Long-Term Monitoring Reveals How Water and Biota in Remote Lakes Respond Differently to Changes in Atmospheric Deposition of Mercury

Science Center Objects

A comparison of regional mercury atmospheric deposition data with water, yellow perch, and dragonfly larvae samples from lakes in Voyageurs National Park indicates that decreases in mercury emissions resulted in mercury reduction in water from these remote lakes, but mercury declines in biota were significant in only one of three lakes, likely because resident biota integrate exposure over much longer time periods.

Scientists sampling fish from a canoe on Shoepack Lake in Voyageaurs National Park

Mark Sandheinrich and Sean Bailey of the University of Wisconsin - La Crosse sampling fish from a canoe on Shoepack Lake in Voyageurs National Park.

(Credit: Mark Brigham, USGS. Public domain.)

Mercury, a pervasive environmental contaminant, is a concern for human and wildlife health. Whereas mercury emissions have increased globally, mercury releases to the environment in the United States and Canada have decreased since 1990. However, questions remain about whether the decreases in atmospheric deposition have equated to decreases in bioaccumulation of mercury in fish from remote lakes and rivers where atmospheric deposition is the predominant source of mercury.

In response to these questions, U.S. Geological Survey and National Park Service scientists investigated and report on one of the longest known multimedia datasets for mercury. The dataset included aqueous total mercury, methylmercury, and sulfate from near-surface lake-water samples from four lakes in Voyageurs National Park in northern Minnesota. The dataset also included total mercury in aquatic biota from the same lakes, as well as atmospheric mercury deposition from two regional sites.

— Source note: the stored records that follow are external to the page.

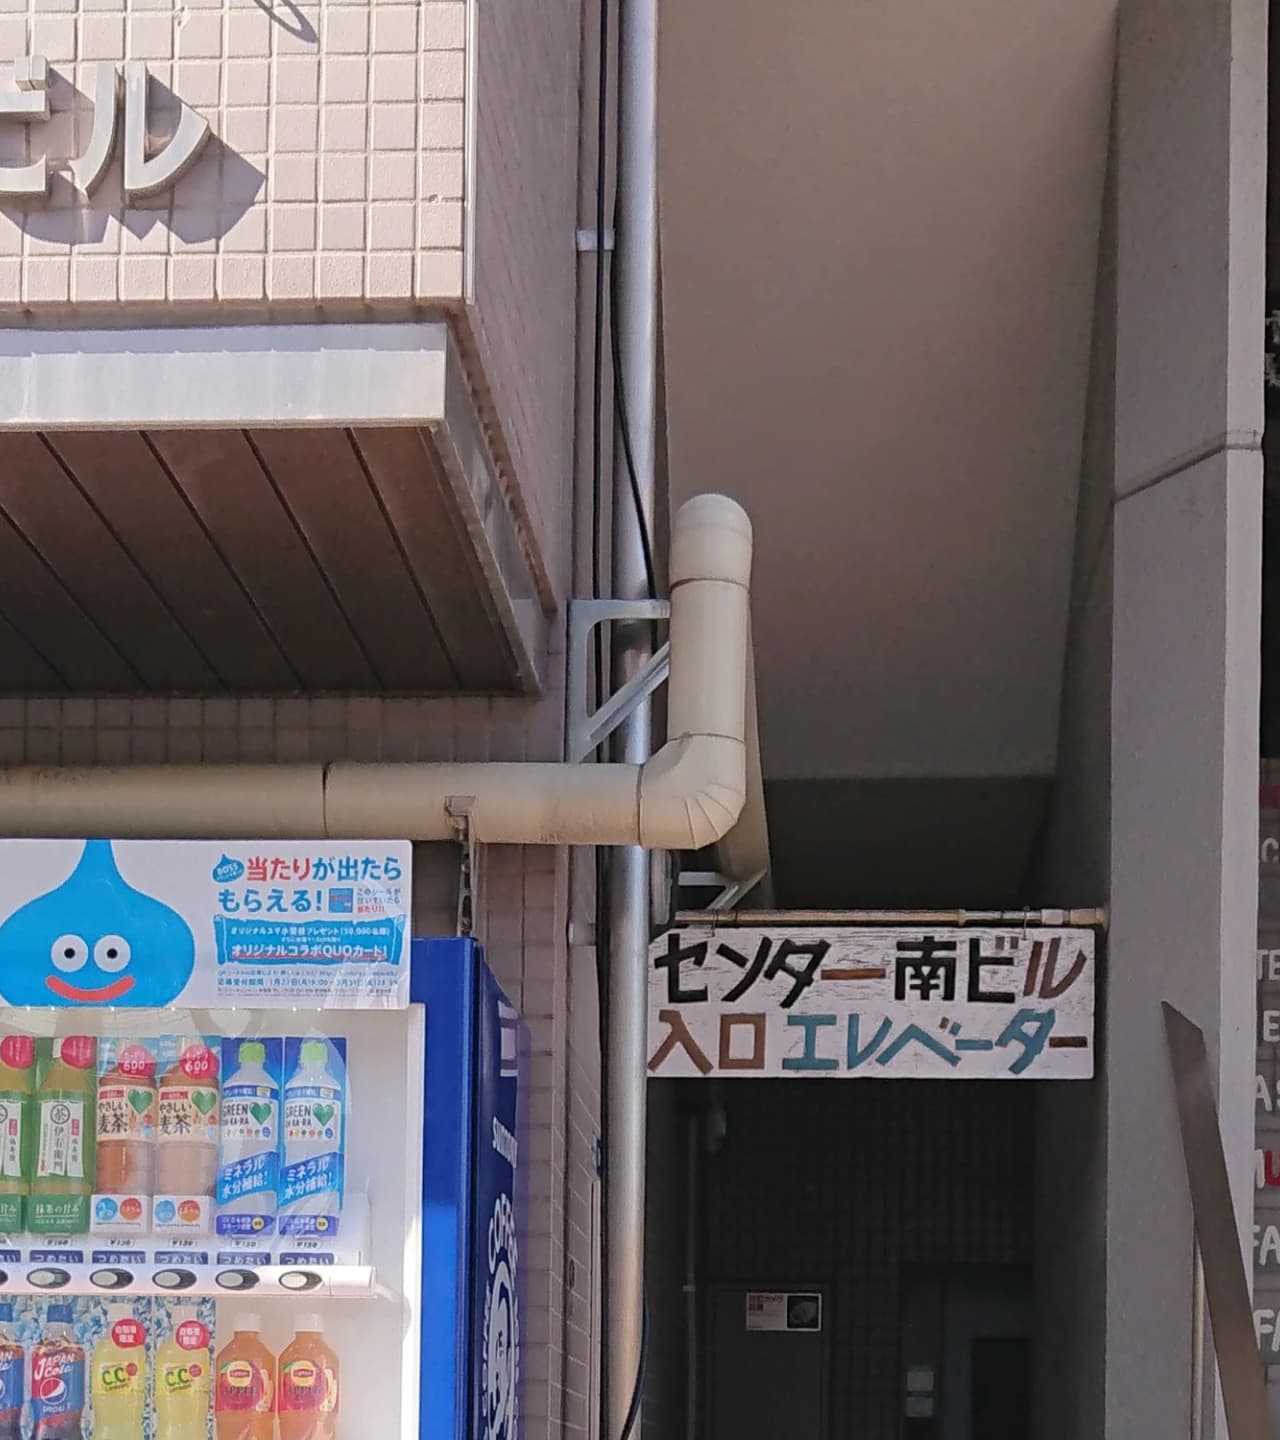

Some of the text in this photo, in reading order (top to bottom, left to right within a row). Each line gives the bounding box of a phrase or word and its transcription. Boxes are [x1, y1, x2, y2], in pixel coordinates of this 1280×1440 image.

[246, 856, 402, 882] 当たりが出たら
[218, 888, 323, 913] もらえる!
[654, 933, 1087, 1008] センター南ビル
[648, 1008, 1087, 1074] 入口 エレベーター
[123, 1059, 145, 1071] 600
[185, 1060, 207, 1072] 600
[97, 1114, 128, 1135] 麦茶
[159, 1115, 192, 1135] 麦茶
[223, 1157, 264, 1182] ミネラル
[286, 1157, 329, 1183] ミネラル
[34, 1352, 76, 1381] JAPAN

Dragonfly larvae in water in bottom of zip-lock plastic bag held at horizon level with lake

Sample of dragonfly larvae in water in bottom of zip-lock plastic bag, held at horizon level with lake. At Sand Point Lake in Voyageurs National Park.

(Credit: Roger Haro, University of Wisconsin - LaCrosse. Public domain.)

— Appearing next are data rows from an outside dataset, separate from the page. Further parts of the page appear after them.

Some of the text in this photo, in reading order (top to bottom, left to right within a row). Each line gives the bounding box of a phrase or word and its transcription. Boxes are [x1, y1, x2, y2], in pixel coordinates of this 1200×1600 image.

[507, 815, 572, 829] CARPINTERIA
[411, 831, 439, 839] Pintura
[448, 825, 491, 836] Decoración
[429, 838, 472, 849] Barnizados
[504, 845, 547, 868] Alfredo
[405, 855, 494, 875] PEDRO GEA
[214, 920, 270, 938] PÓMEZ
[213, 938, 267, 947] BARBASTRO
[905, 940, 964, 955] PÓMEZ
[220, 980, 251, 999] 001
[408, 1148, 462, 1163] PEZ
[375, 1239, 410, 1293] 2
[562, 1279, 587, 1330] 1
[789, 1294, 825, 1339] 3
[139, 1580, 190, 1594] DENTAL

Mercury deposition at the regional sites decreased by an average of 22 percent from 1998 to 2018. Much of these decreases occurred prior to 2009, with relatively flat trends since 2009. In the four lakes, aqueous methylmercury concentrations declined by an average of 44 percent and aqueous total mercury declined by an average of 27 percent (2001–18). Near-surface aqueous methylmercury may be responding to a decline in atmospheric mercury deposition as well as a decline in sulfate deposition, which is an important driver of mercury methylation in the environment.

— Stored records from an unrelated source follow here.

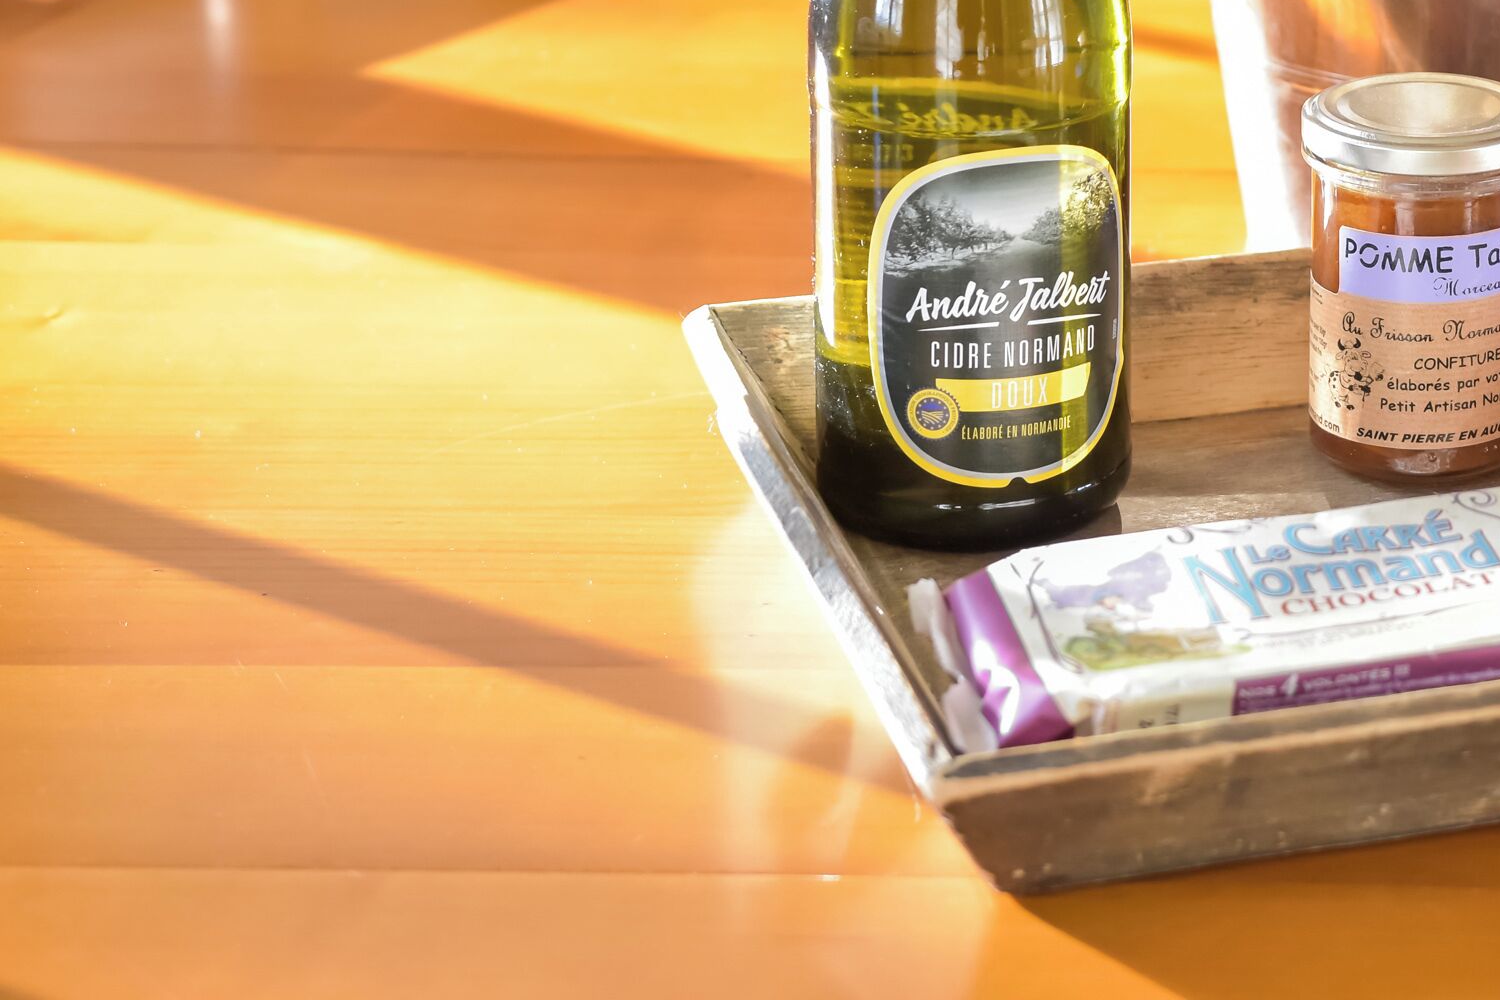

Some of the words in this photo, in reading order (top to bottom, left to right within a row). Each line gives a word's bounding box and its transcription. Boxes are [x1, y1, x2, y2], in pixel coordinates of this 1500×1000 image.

[1345, 237, 1454, 274] POMME
[906, 280, 1009, 323] André
[1010, 270, 1111, 322] Jalbert
[1342, 311, 1363, 336] Au
[1370, 316, 1434, 343] Frisson
[930, 340, 992, 369] CIDRE
[1004, 324, 1096, 368] NORMAND
[991, 376, 1049, 410] DOUX
[1387, 377, 1450, 392] élaborés
[1457, 379, 1480, 393] par
[1380, 398, 1416, 413] Petit
[1423, 398, 1477, 414] Artisan
[961, 425, 1003, 441] ÉLABORÉ
[1006, 422, 1019, 439] EN
[1021, 414, 1072, 437] NORMANDIE
[1356, 427, 1397, 443] SAINT
[1401, 432, 1455, 444] PIERRE
[1458, 430, 1479, 441] EN
[1250, 543, 1291, 564] Le
[1283, 508, 1463, 556] CARRÉ
[1281, 570, 1496, 616] CHOCOLAT

For the three lakes with long-term biomonitoring (2000–18), temporal patterns in yellow perch (Perca flavescens) and dragonfly larvae (Odonata, Anisoptera) total mercury concentrations declined significantly in only one lake. Two lakes had initial declines until about 2010, corresponding to the initial declines in atmospheric deposition. Results from this study indicate that regional-scale decreases in mercury and sulfate emissions have resulted in reduced mercury concentrations in local lake water. Conversely, biological tissues integrate exposure over much longer time periods, and owing to the large pool of mercury in these lake systems, reduction of mercury in biota may take longer.

This research was funded in part by the U.S. Geological Survey Environmental Health Program (Contaminant Biology and Toxic Substances Hydrology), which is part of the U.S. Geological Survey Ecosystems Mission Area. Additional funding for the manuscript was provided by the National Park Service. Funding for some data collection and analysis was provided by several agencies and programs, including the U.S. Forest Service, U.S. Environmental Protection Agency, Minnesota Pollution Control Agency, University of Minnesota, University of Wisconsin at LaCrosse, and the Great Lakes Restoration Initiative.